Data records

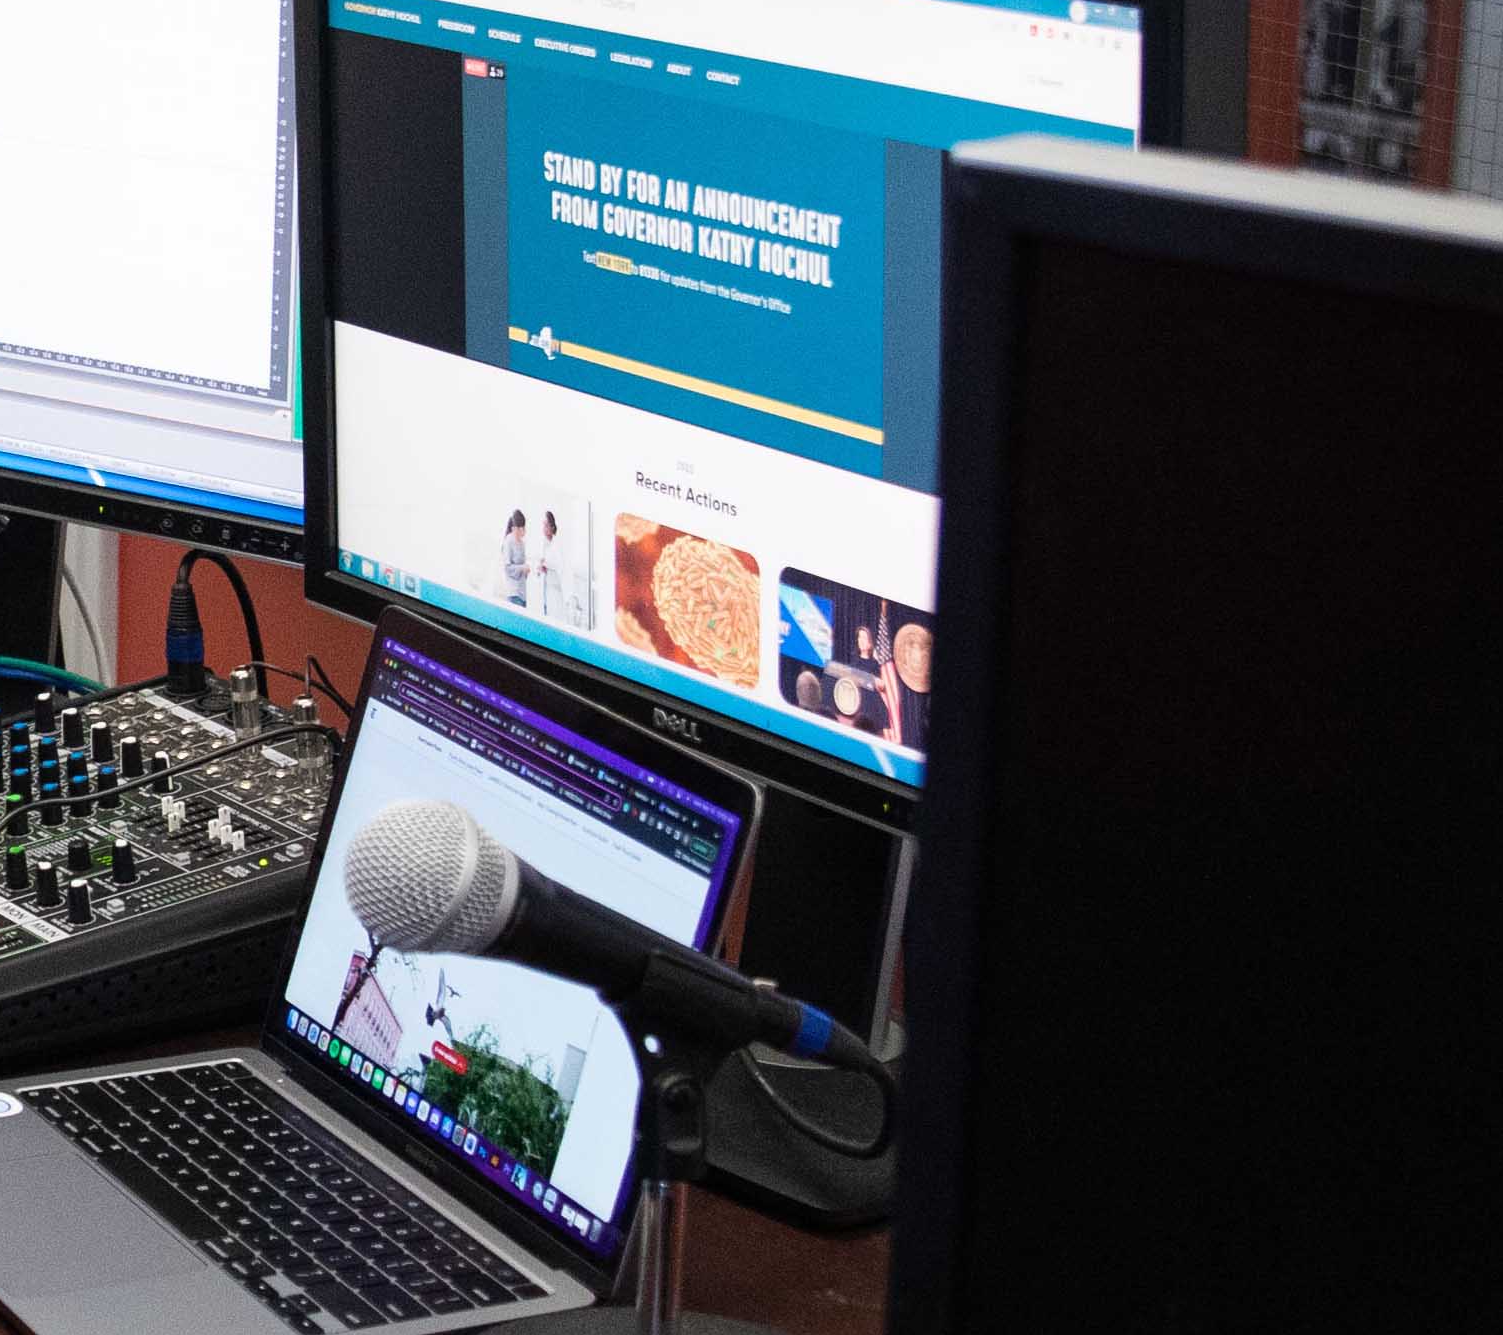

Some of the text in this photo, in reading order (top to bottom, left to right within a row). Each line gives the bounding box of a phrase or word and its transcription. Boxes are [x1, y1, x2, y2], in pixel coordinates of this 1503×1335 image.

[543, 150, 842, 249] STAND BY FOR AN ANNOUNCEMENT
[551, 190, 833, 288] FROM GOVERNOR KATHY HOCHUL
[583, 250, 596, 264] Text
[660, 270, 670, 283] for
[671, 275, 699, 291] updates
[700, 280, 717, 295] from
[717, 285, 730, 299] the
[731, 288, 768, 308] Governor's
[768, 297, 791, 314] Office
[635, 471, 738, 517] Recent Actions
[652, 707, 703, 743] DELL
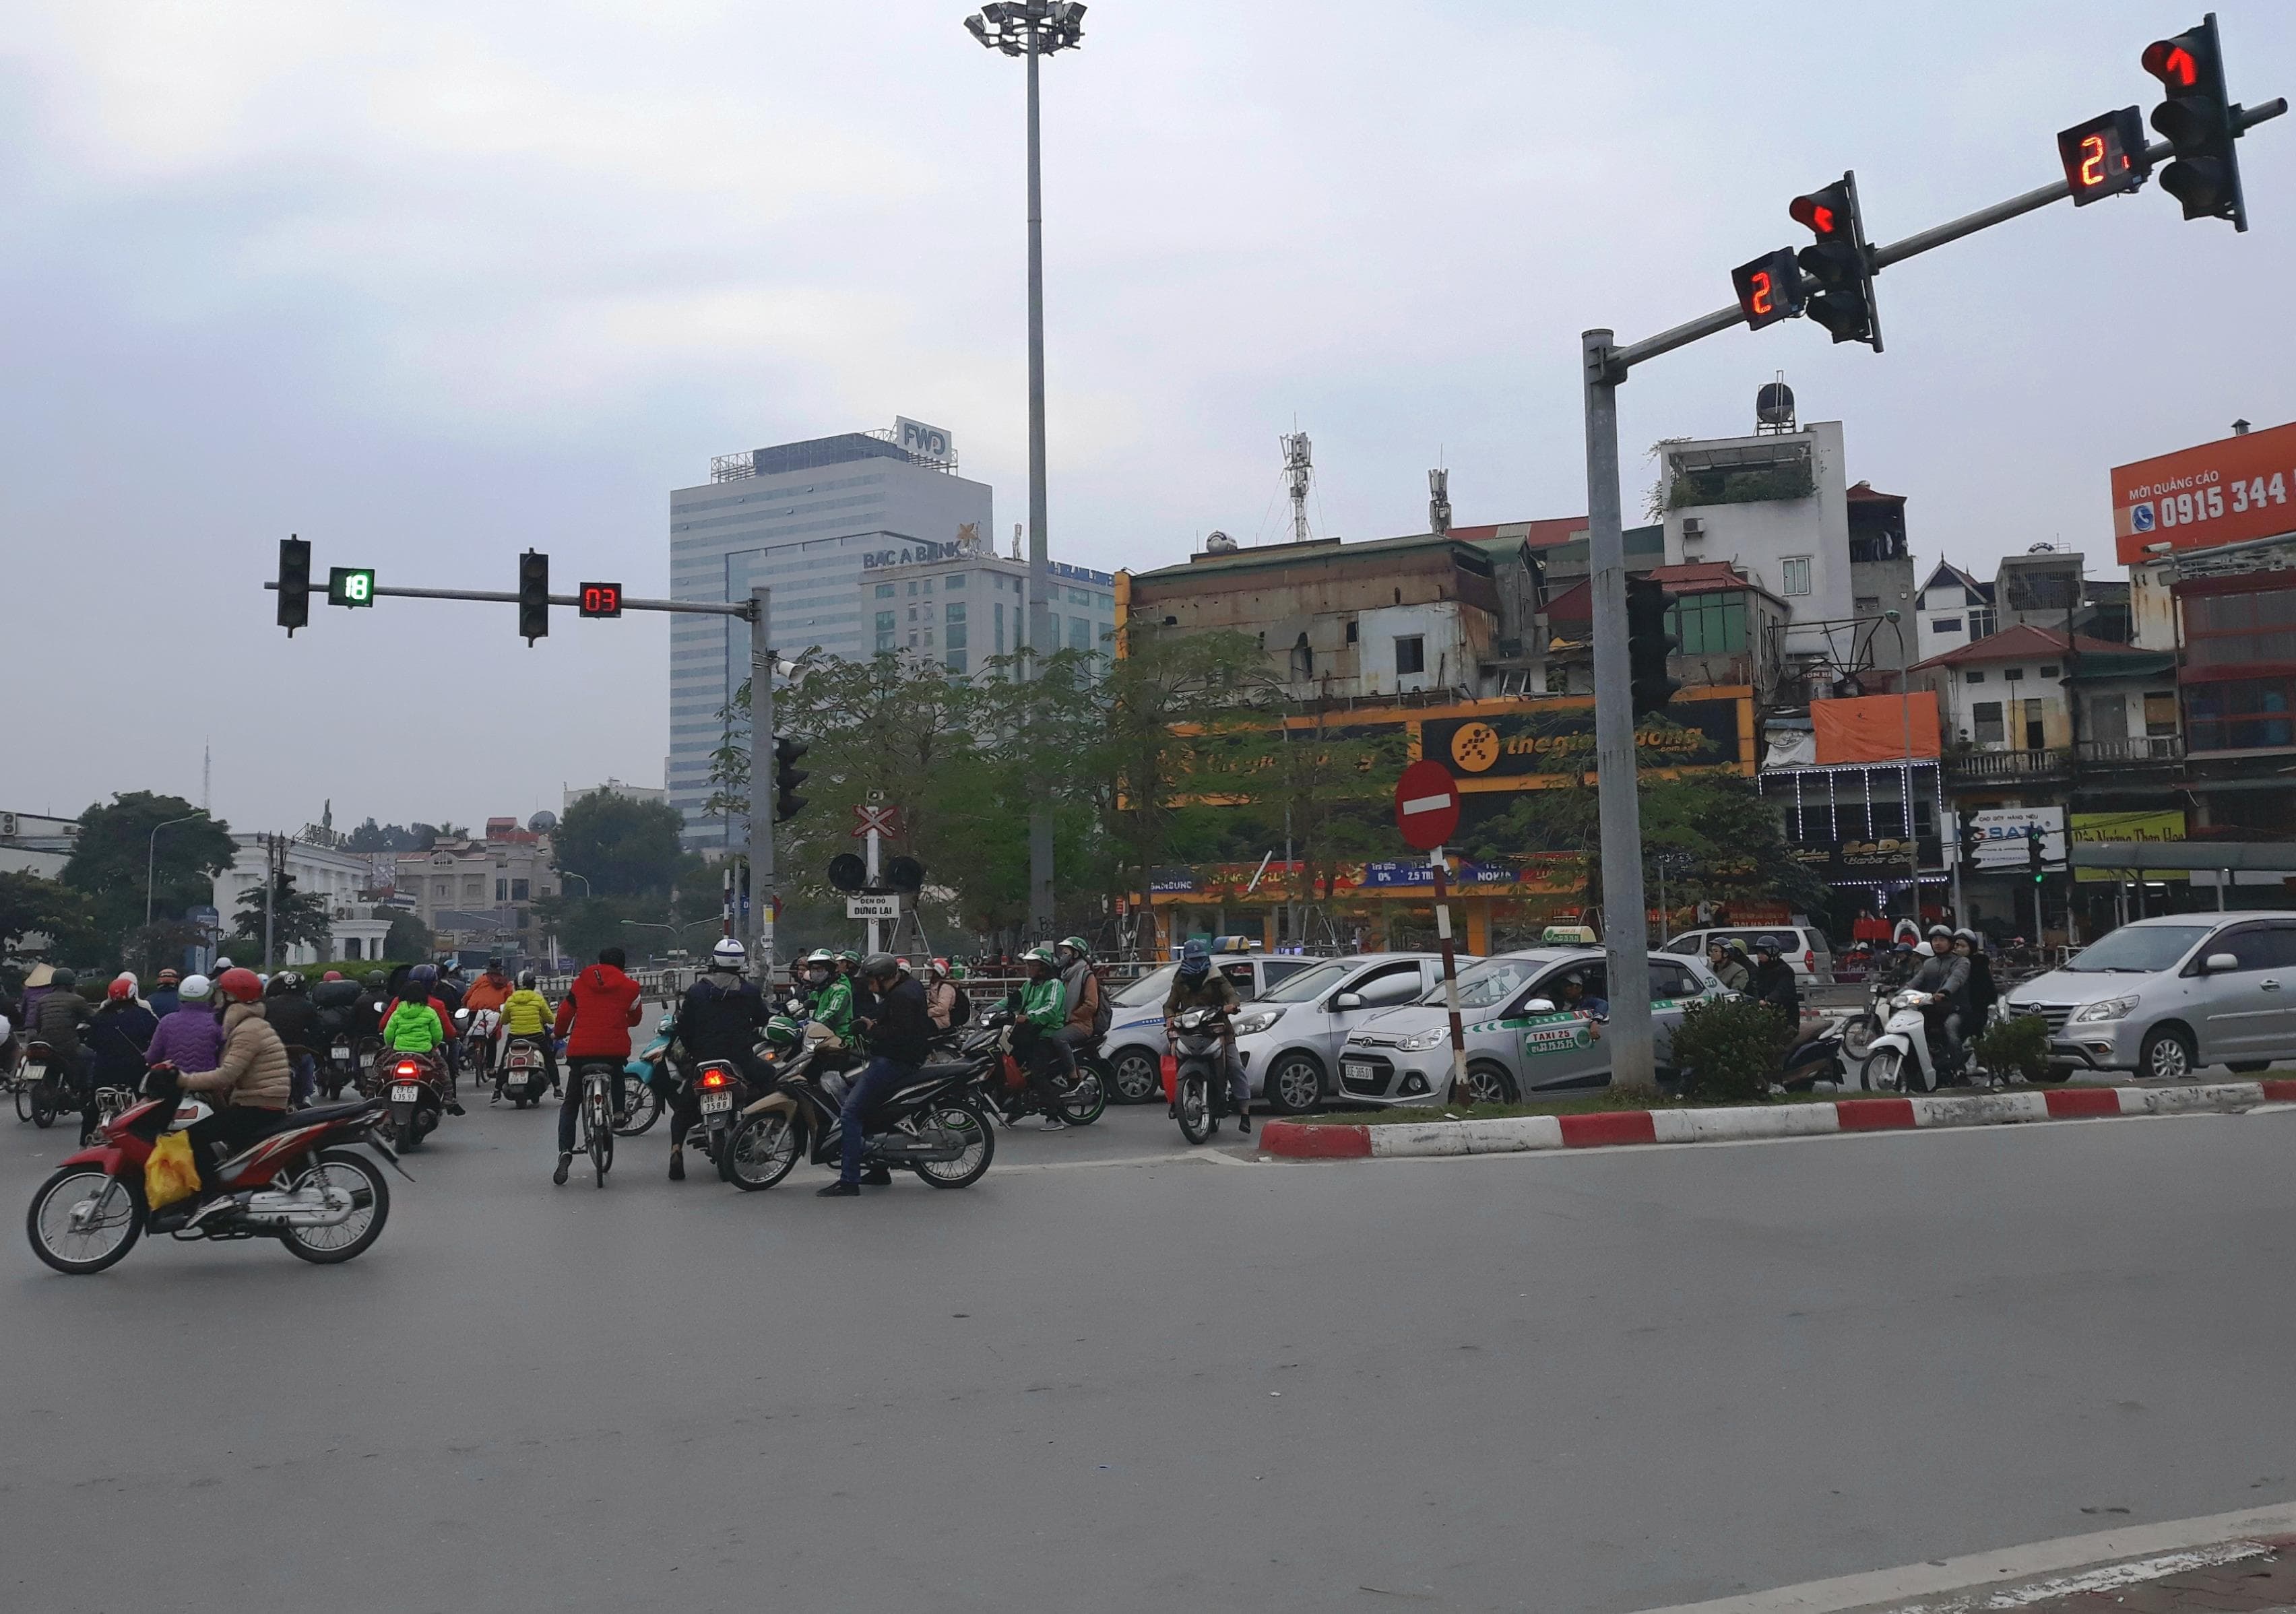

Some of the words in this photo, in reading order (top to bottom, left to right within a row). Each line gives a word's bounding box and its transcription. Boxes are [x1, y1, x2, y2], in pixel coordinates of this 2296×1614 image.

[904, 422, 946, 455] FWD
[2153, 476, 2194, 495] QUẢNG
[2195, 469, 2219, 486] CÁO
[2161, 485, 2225, 528] 0915
[2231, 471, 2287, 513] 344
[863, 550, 897, 570] BAC
[899, 548, 912, 564] A
[345, 574, 368, 600] 18
[584, 588, 616, 612] 03
[1377, 872, 1391, 881] 0%
[1533, 1031, 1555, 1041] TAXI
[1558, 1029, 1570, 1038] 25
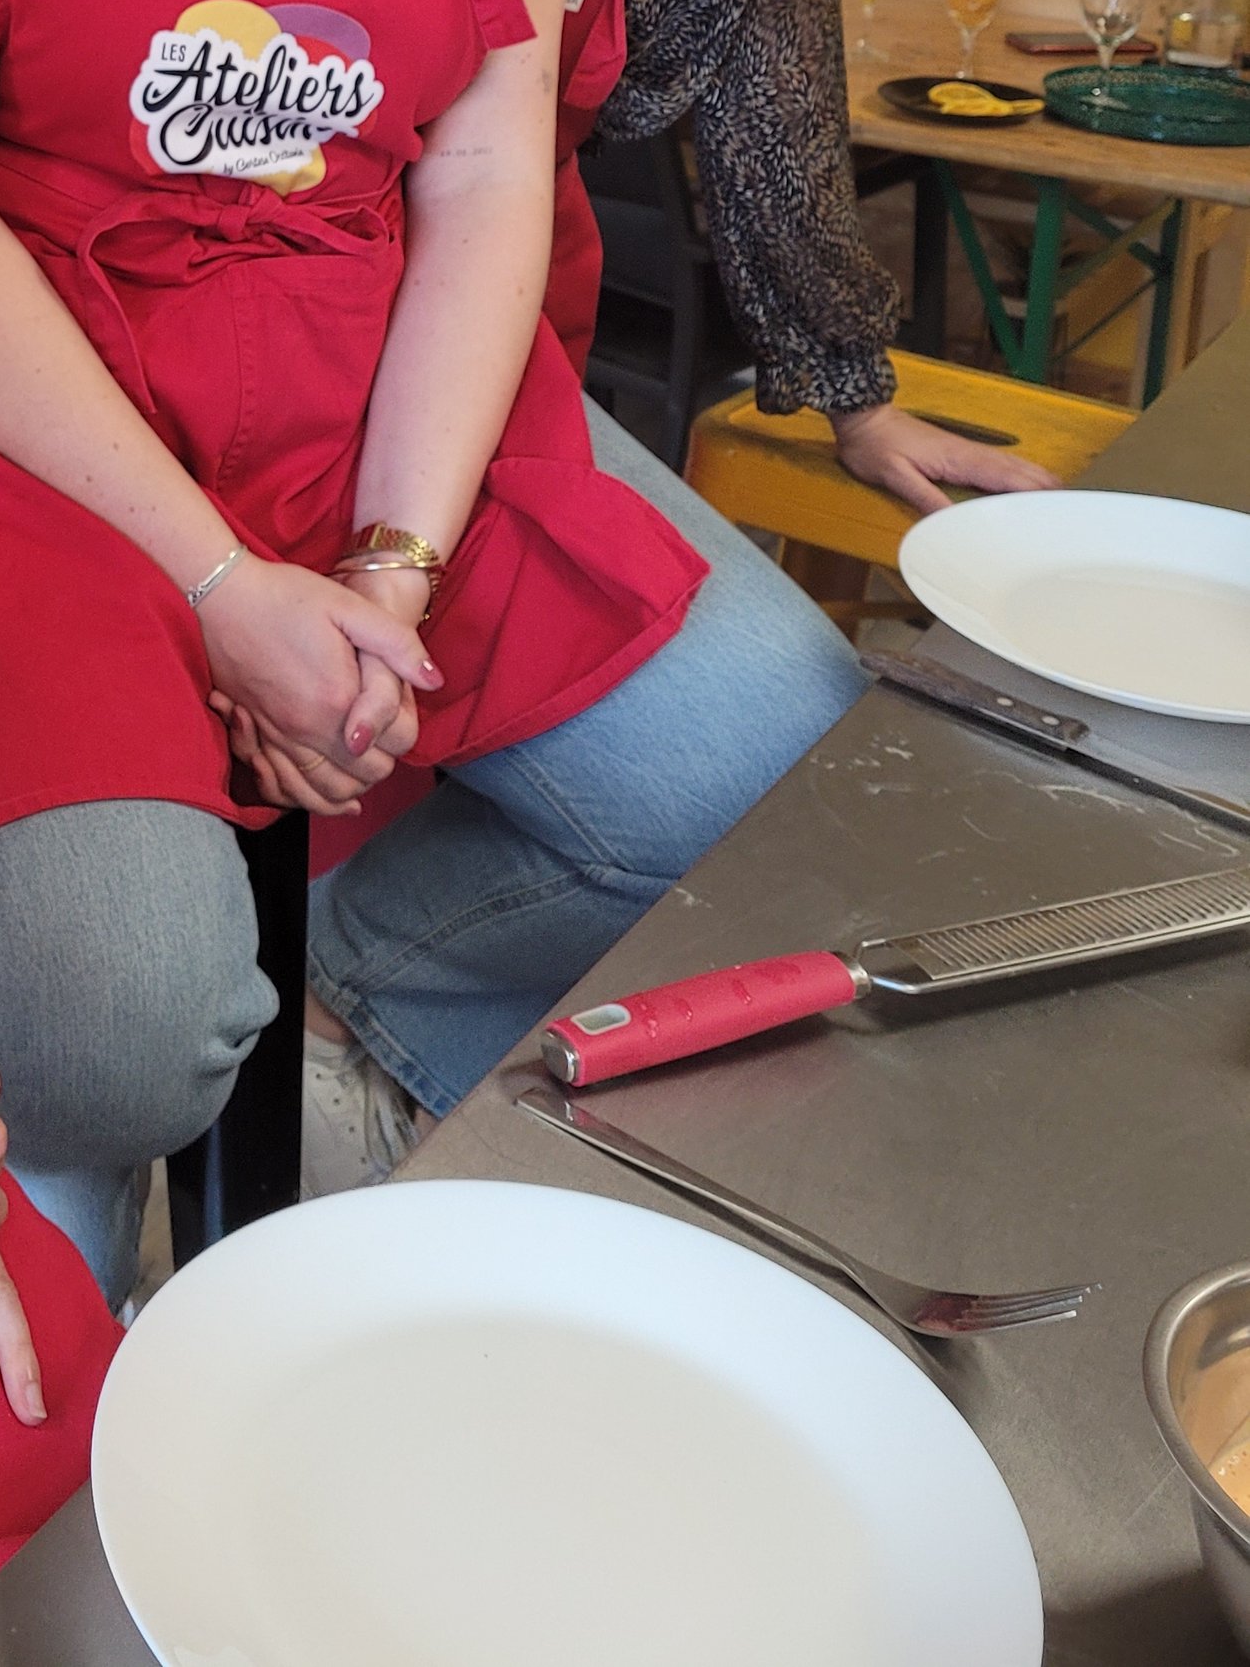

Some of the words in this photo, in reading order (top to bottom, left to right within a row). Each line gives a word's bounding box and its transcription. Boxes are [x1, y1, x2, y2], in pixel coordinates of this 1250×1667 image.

[161, 42, 187, 63] LES
[142, 40, 375, 118] Ateliers
[223, 163, 234, 175] by

Your objective
Look above for the line that contains "this 1250×1667 image.". That line and every line after it through the end of the data must be written out exactly, with nothing else.

Solution to this task
Some of the words in this photo, in reading order (top to bottom, left to right within a row). Each line gives a word's bounding box and its transcription. Boxes are [x1, y1, x2, y2], in pixel coordinates of this 1250×1667 image.

[161, 42, 187, 63] LES
[142, 40, 375, 118] Ateliers
[223, 163, 234, 175] by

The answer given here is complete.